Exercise instructions
Output all of the data below without changing a word, and exclude the pictures.

Entries provided
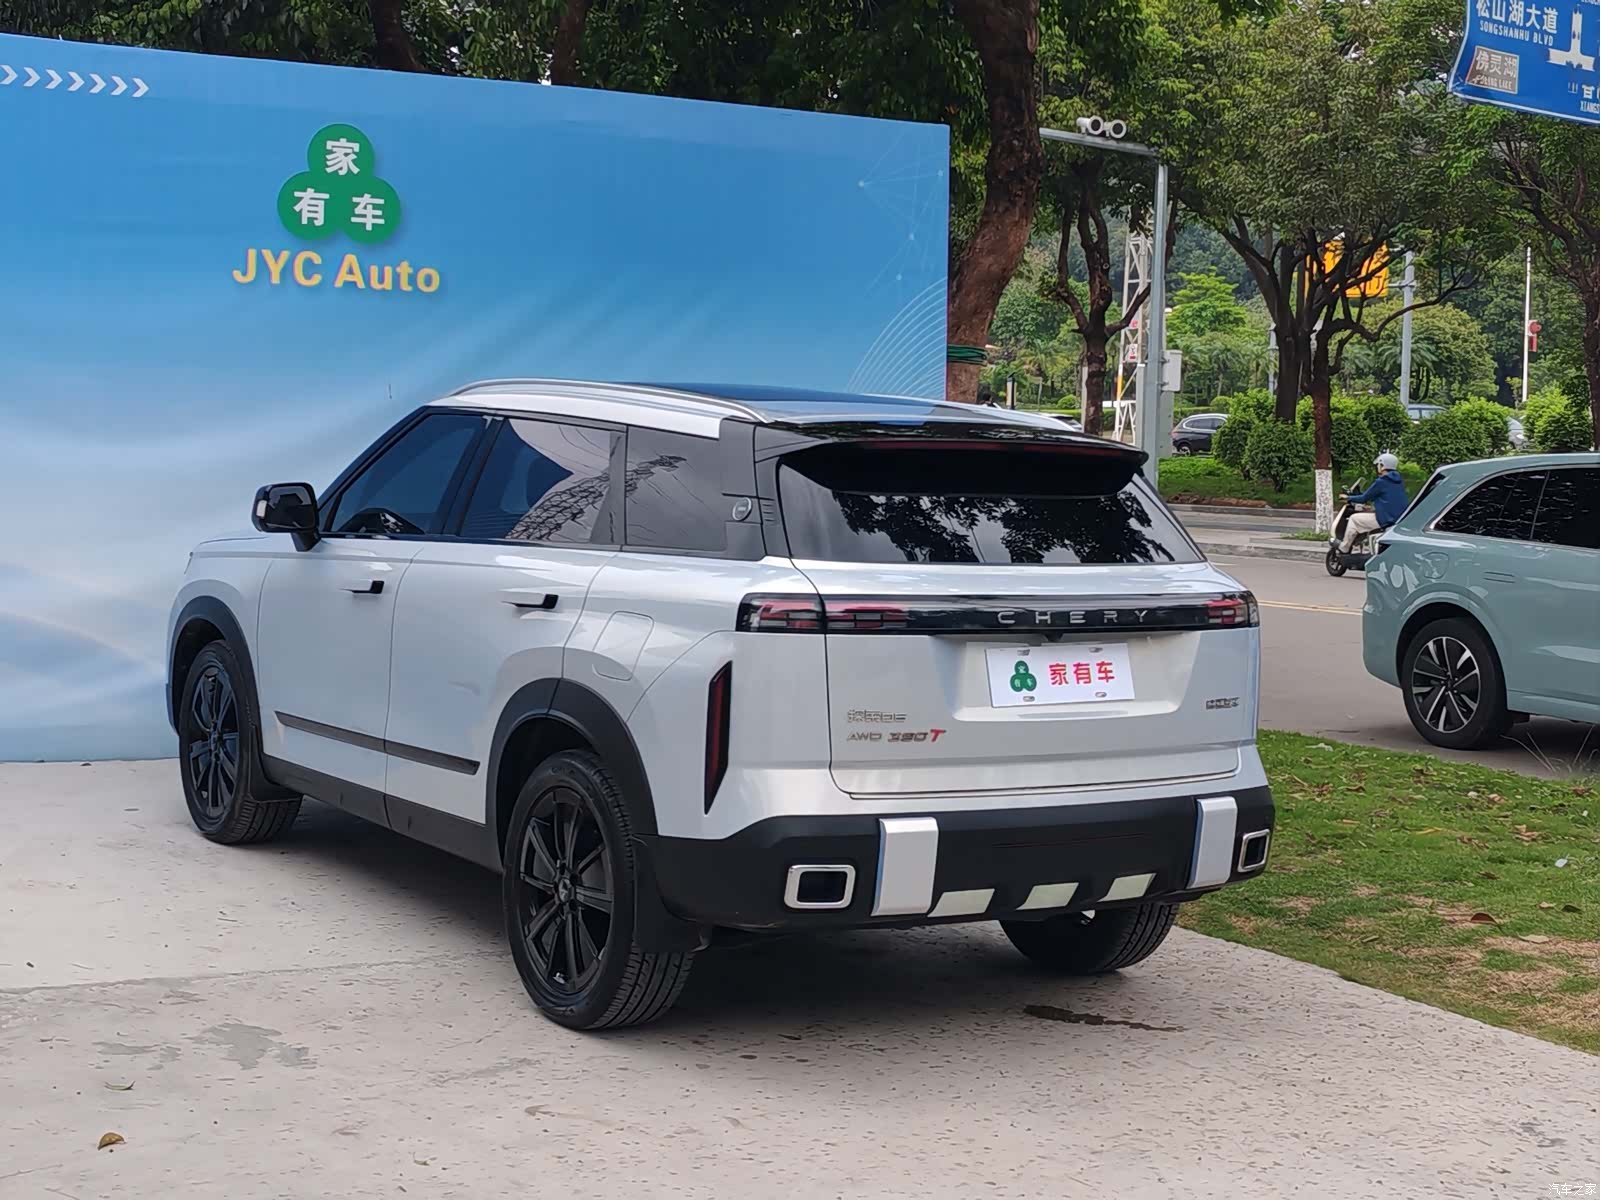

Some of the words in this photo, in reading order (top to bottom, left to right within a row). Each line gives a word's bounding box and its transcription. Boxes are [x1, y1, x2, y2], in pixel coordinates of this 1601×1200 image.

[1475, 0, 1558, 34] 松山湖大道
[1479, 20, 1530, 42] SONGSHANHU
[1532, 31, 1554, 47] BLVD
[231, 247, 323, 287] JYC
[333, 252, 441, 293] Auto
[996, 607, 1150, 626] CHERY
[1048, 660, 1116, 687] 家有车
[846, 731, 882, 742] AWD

Response to the exercise
Some of the words in this photo, in reading order (top to bottom, left to right within a row). Each line gives a word's bounding box and its transcription. Boxes are [x1, y1, x2, y2], in pixel coordinates of this 1601×1200 image.

[1475, 0, 1558, 34] 松山湖大道
[1479, 20, 1530, 42] SONGSHANHU
[1532, 31, 1554, 47] BLVD
[231, 247, 323, 287] JYC
[333, 252, 441, 293] Auto
[996, 607, 1150, 626] CHERY
[1048, 660, 1116, 687] 家有车
[846, 731, 882, 742] AWD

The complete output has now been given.